World Poetry Day: 10 of the most beautiful lines from Irish poetry

In honour of World Poetry Day, we're looking at our Irish homegrown talent

As it's World Poetry Day, we couldn't let the day pass without recognising the immense Irish talent we have on home ground.

Irish poets have populated the world with some of the most beautiful texts ever written, and we have earned our reputation as wordsmiths. From Yeats to Heaney, Boland to Wilde, these are some of our favourite lines from beautiful Irish poems.

This is what language is:
a habitual grief. A turn of speech
for the everyday and ordinary abrasion
of losses such as this:
which hurts
just enough to be a scar
And heals just enough to be a nation.


Eavan Boland - The Lost Land


On a quiet street where old ghosts meet I see her walking now
Away from me so hurriedly my reason must allow
That I had wooed not as I should a creature made of clay –
When the angel woos the clay he’d lose his wings at the dawn of day

Patrick Kavanagh - Raglan Road


How many loved your moments of glad grace,
And loved your beauty with love false or true,
But one man loved the pilgrim soul in you,
And loved the sorrows of your changing face
W.B Yeats - When You Are Old
I was a nuisance, tripping, falling,
Yapping always.

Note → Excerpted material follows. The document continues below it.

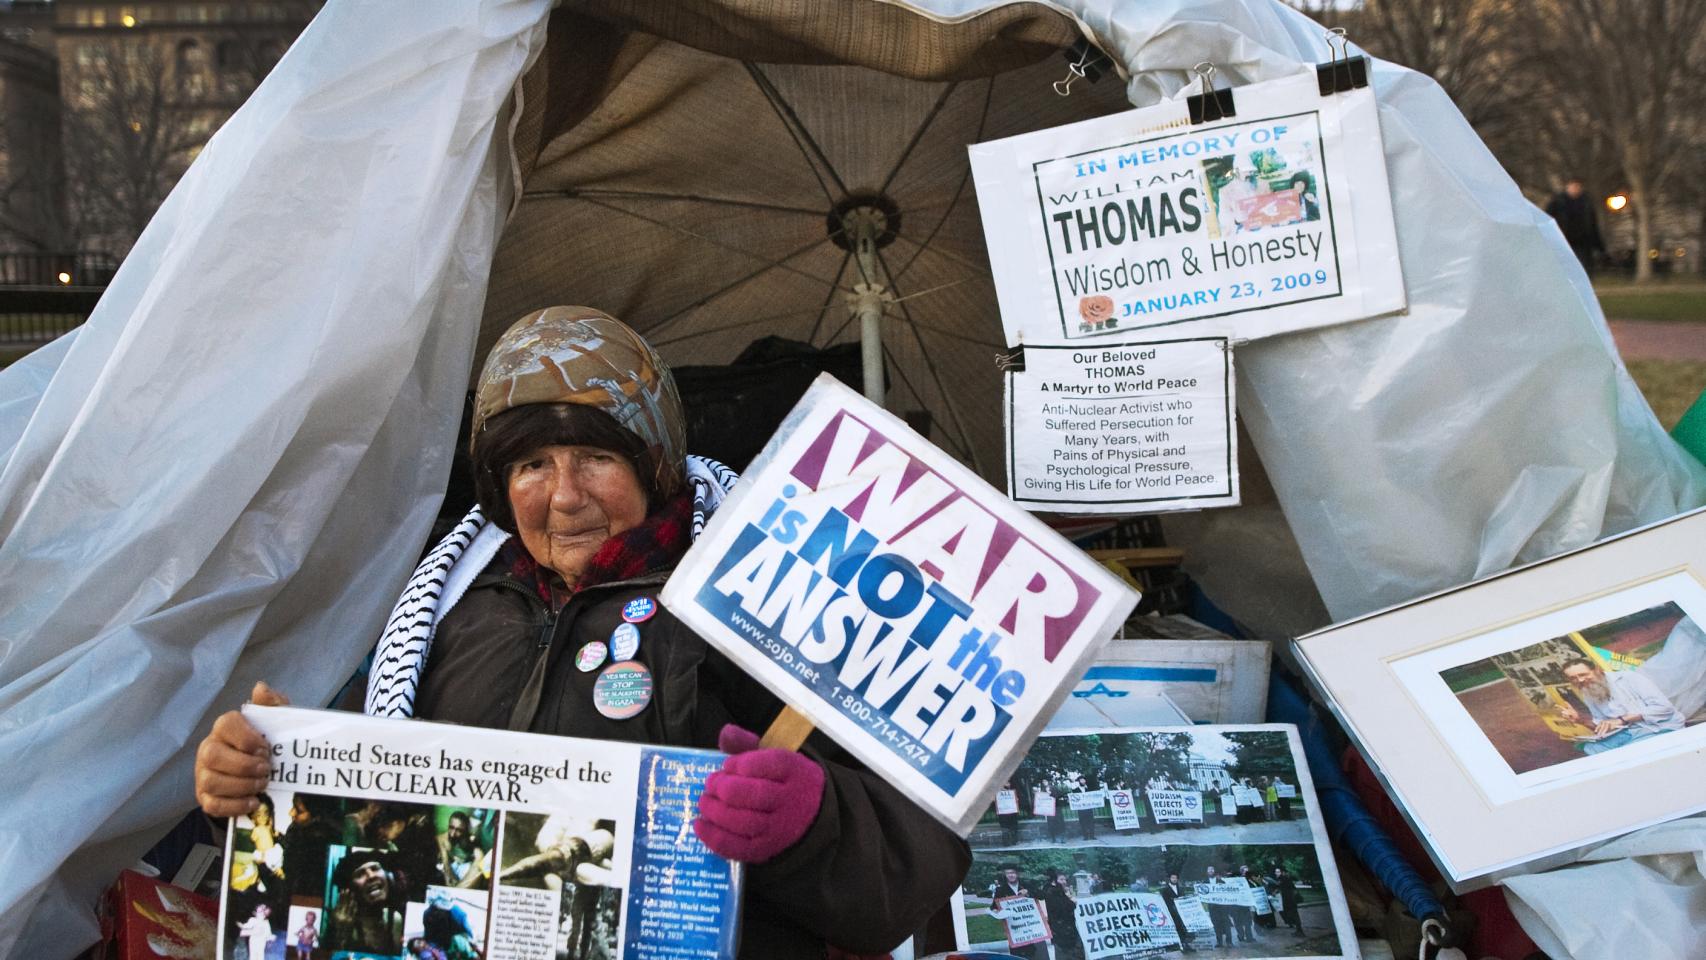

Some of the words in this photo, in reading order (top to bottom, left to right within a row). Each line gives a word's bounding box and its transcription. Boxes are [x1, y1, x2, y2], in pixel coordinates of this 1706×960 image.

But today
It is my father who keeps stumbling
Behind me, and will not go away.
Seamus Heaney - Follower
The sounds of Ireland,
that restless whispering
you never get away
from, seeping out of
low bushes and grass

John Montague - Windharp

Cuirim mo dhóchas ar snámh
i mbáidín teangan
faoi mar a leagfá naíonán
i gcliabhán
a bheadh fite fuaite
de dhuilleoga feileastraim


I place my hope on the water
in this little boat
of the language, the way a body might put
an infant
in a basket of intertwined
iris leaves,

Nuala Ní Dhomhnaill - Ceist na Teangan / The Language Issue

Yet each man kills the thing he loves,
By each let this be heard,
Some do it with a bitter look,
Some with a flattering word,
The coward does it with a kiss,
The brave man with a sword!

Oscar Wilde - The Ballad of Reading Gaol

I was not born or bred
Nor schooled here and she will not
Have me alive or dead
But yet she holds my mind
With her seedy elegance,
With her gentle veils of rain...
Louis MacNeice - Dublin


Dreams fled away, this country bedroom, raw
With the touch of the dawn, wrapped in a minor peace,

Thomas Kinsella - Another September

if I can never write 'goodbye'
On the torn final sheet, do not
Investigate my adult life but try
Where I started. My
Childhood gave me hope
And no warnings.
Eilean Ni Chuilleanáin - Recollections

Read more: Books and poems can change your life. Really.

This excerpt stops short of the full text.